Kepercayaan masyarakat diukur melalui sejumlah unsur yang berkaitan langsung dengan pengalaman masyarakat terhadap pelayanan pemerintah, yaitu keandalan, responsivitas, keterbukaan, integritas, dan keadilan.
Menjadi Dorongan untuk Terus Memperbaiki Pelayanan Publik
Selain memberikan apresiasi kepada unit yang memperoleh nilai 78,00 sampai 100, Ombudsman RI juga memberikan sejumlah saran penyempurnaan kepada Pemerintah Provinsi Banten.
Pemerintah daerah didorong untuk melakukan pembinaan terhadap unit pelayanan dengan nilai di bawah 78, mempertahankan konsistensi kepatuhan terhadap setiap produk pengawasan Ombudsman, serta terus berkoordinasi dengan Ombudsman Republik Indonesia dalam upaya memperbaiki dan menyempurnakan penyelenggaraan pelayanan publik.
Penghargaan kepada RSUD Banten dan UPTD Perlindungan Sosial diharapkan tidak hanya menjadi simbol atas capaian penilaian, tetapi juga menjadi momentum untuk membangun budaya pelayanan publik yang semakin berkualitas, responsif, transparan, adil, dan bebas maladministrasi.
Pemerintah Provinsi Banten berkomitmen untuk terus melakukan evaluasi dan penyempurnaan pelayanan agar setiap masyarakat memperoleh pelayanan publik yang mudah diakses, berkualitas, serta sesuai dengan standar pelayanan.

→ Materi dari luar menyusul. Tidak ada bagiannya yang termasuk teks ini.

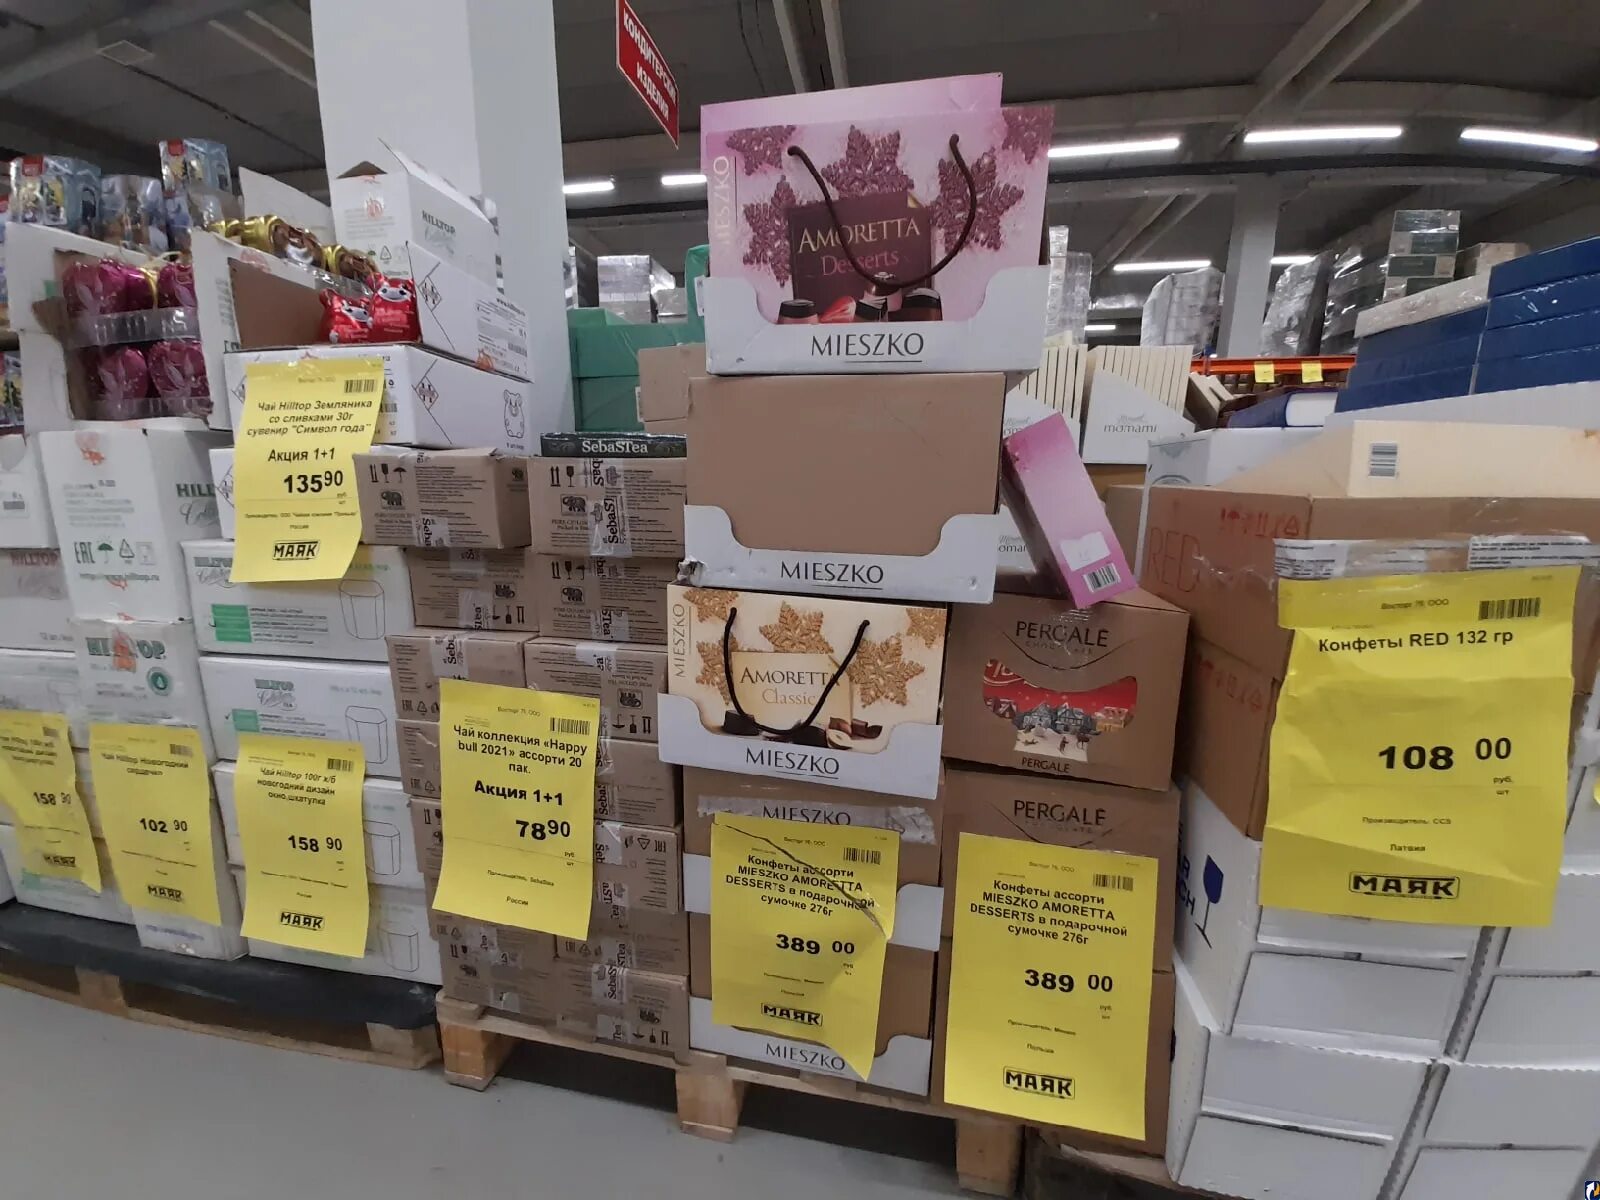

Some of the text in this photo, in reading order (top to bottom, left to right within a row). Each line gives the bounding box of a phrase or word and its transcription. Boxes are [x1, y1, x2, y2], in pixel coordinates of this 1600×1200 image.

[637, 61, 669, 120] ИЗДЕЛИЯ
[798, 217, 921, 253] AMORETTA
[821, 250, 899, 277] Desserts
[811, 332, 925, 357] MIESZKO
[258, 400, 372, 412] Чай Hilltop Земляника
[283, 414, 333, 422] сливками
[336, 412, 353, 421] 30г
[247, 427, 288, 436] сувенир
[268, 448, 335, 462] Акция 1+1
[582, 440, 648, 453] SebaSTea
[273, 541, 319, 558] МАЯК
[780, 561, 884, 583] MIESZKO
[672, 603, 687, 678] MIESZKO
[1016, 621, 1110, 647] PERGALE
[1319, 630, 1513, 653] Конфеты RED 132 гр
[740, 666, 840, 686] AMORETTA
[762, 687, 816, 706] Classic
[453, 724, 587, 756] Чай коллекция «Happy
[458, 740, 582, 768] bull 2021» ассорти 20
[746, 747, 840, 775] MIESZKO
[1378, 737, 1511, 770] 108 00
[509, 762, 531, 774] пак.
[1021, 756, 1070, 774] PERGALE
[34, 792, 56, 805] 158
[474, 780, 563, 806] Акция 1+1
[763, 804, 850, 825] MIESZKO
[1013, 800, 1107, 826] PERGALE
[139, 818, 188, 833] 102 90
[288, 835, 343, 852] 158 90
[738, 865, 789, 881] MIESZKO
[748, 854, 799, 873] Конфеты
[726, 875, 785, 893] DESSERTS
[789, 887, 796, 895] в
[993, 879, 1105, 905] Конфеты ассорти
[1353, 875, 1456, 897] МАЯК
[761, 894, 833, 917] сумочке 276г
[983, 892, 1115, 921] MIESZKO AMORETTA
[280, 912, 324, 930] МАЯК
[970, 903, 1127, 936] DESSERTS в подарочной
[776, 934, 855, 954] 389 00
[1008, 924, 1089, 945] сумочке 276г
[1024, 969, 1113, 992] 389 00
[763, 1003, 821, 1026] МАЯК
[766, 1043, 845, 1071] MIESZKO
[1005, 1070, 1073, 1097] МАЯК

Ringkasan Hasil: Nilai Akhir Pemprov Banten: 79,53 Kategori Kualitas Pelayanan: Baik Tingkat Kepatuhan: Kepatuhan Tinggi Opini Ombudsman RI: Kualitas Tinggi Tanpa Maladministrasi
Sumber data: Ombudsman Republik Indonesia, Opini Ombudsman RI – Penilaian Maladministrasi Pelayanan Publik Tahun 2025, Hasil Penilaian Pemerintah Provinsi Banten.